(ENTRIES SUPPLIED)
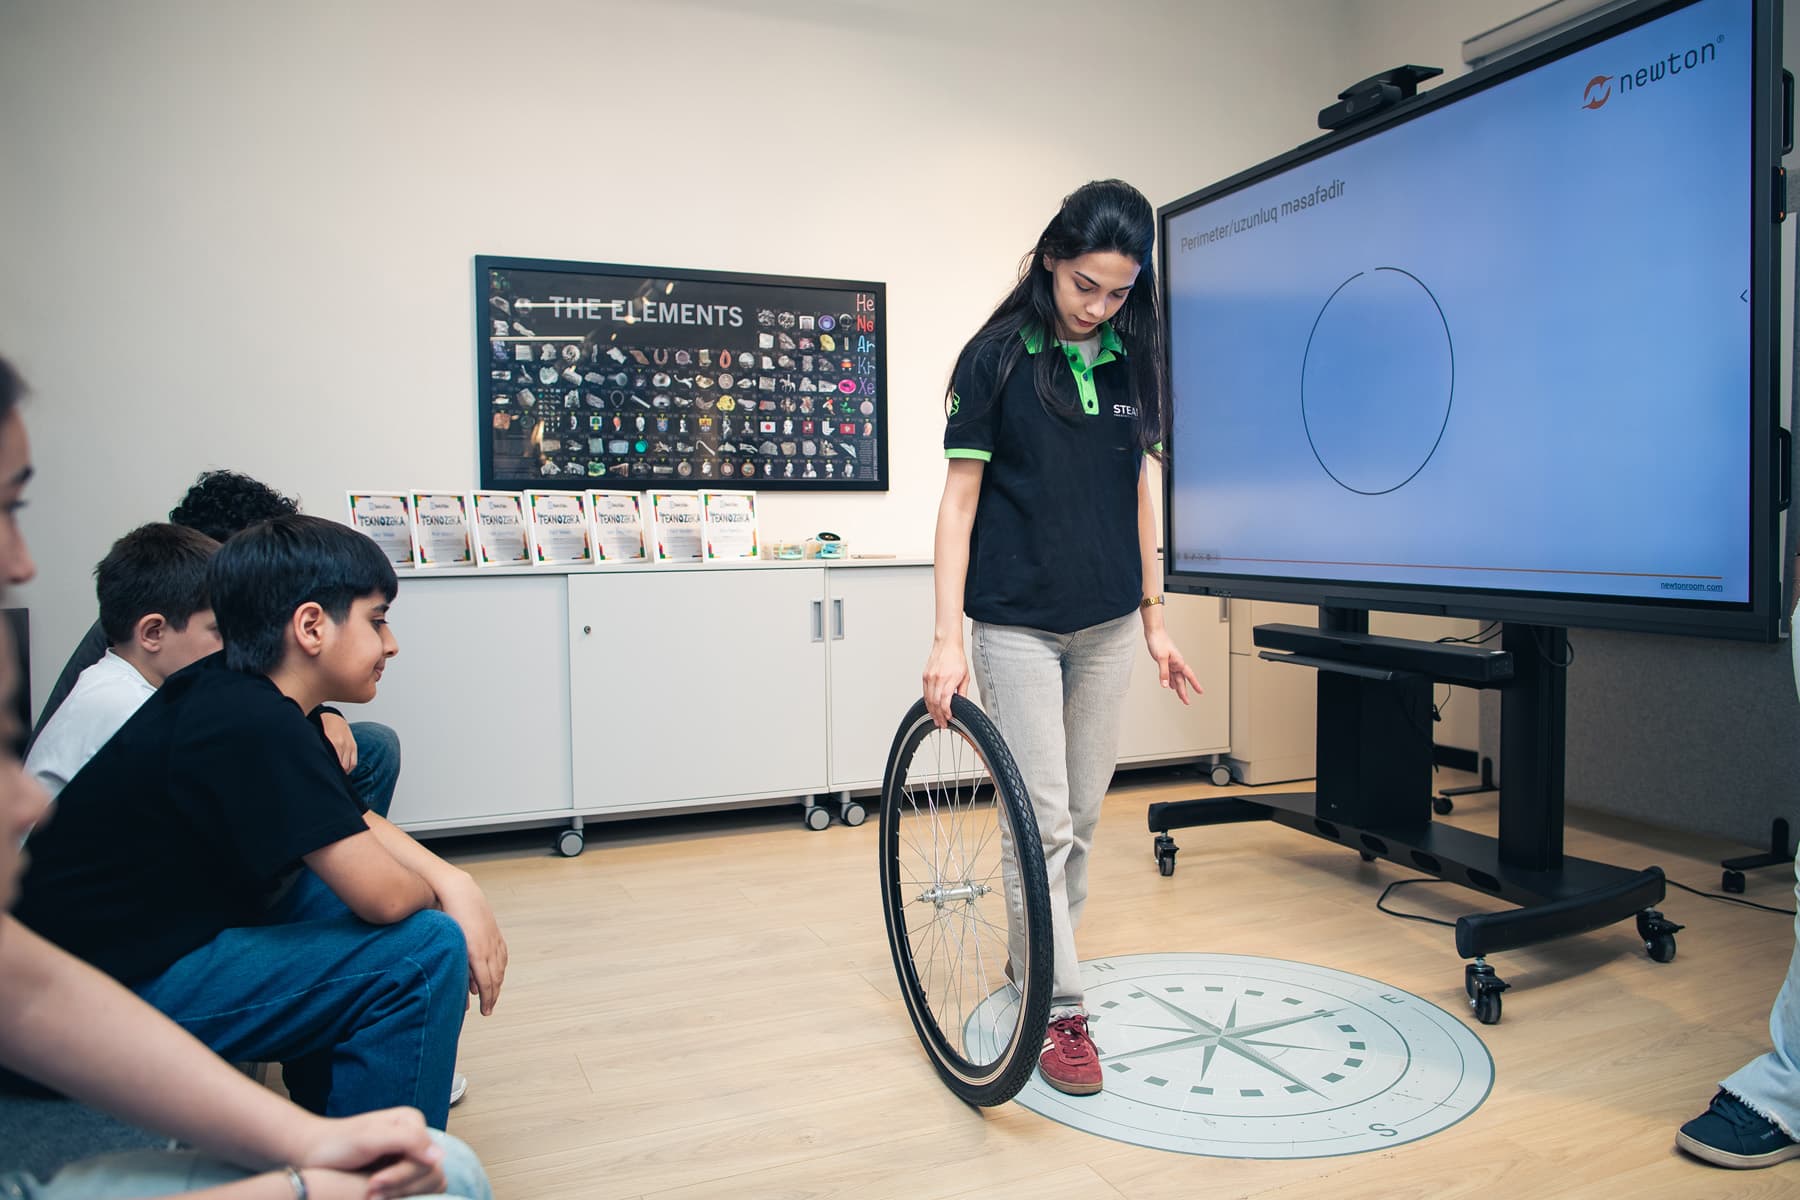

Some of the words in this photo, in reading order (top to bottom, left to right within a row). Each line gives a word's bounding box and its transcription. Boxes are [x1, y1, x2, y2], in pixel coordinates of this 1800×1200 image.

[1281, 179, 1346, 217] məsafədir
[548, 295, 602, 321] THE
[611, 299, 744, 328] ELEMENTS
[855, 292, 876, 312] He
[855, 314, 875, 333] Ne
[857, 335, 876, 353] Ar
[857, 355, 876, 375] Kr
[858, 376, 876, 396] Xe
[1660, 582, 1723, 593] newtonroom.com
[1091, 961, 1116, 973] N
[1379, 993, 1405, 1004] E
[1368, 1122, 1399, 1138] S
(End ENTRIES SUPPLIED)
*REQUIREMENT*: Apart from the pictures, every record must be set down exactly.

*RESULT*:
Some of the words in this photo, in reading order (top to bottom, left to right within a row). Each line gives a word's bounding box and its transcription. Boxes are [x1, y1, x2, y2], in pixel coordinates of this 1800×1200 image.

[1281, 179, 1346, 217] məsafədir
[548, 295, 602, 321] THE
[611, 299, 744, 328] ELEMENTS
[855, 292, 876, 312] He
[855, 314, 875, 333] Ne
[857, 335, 876, 353] Ar
[857, 355, 876, 375] Kr
[858, 376, 876, 396] Xe
[1660, 582, 1723, 593] newtonroom.com
[1091, 961, 1116, 973] N
[1379, 993, 1405, 1004] E
[1368, 1122, 1399, 1138] S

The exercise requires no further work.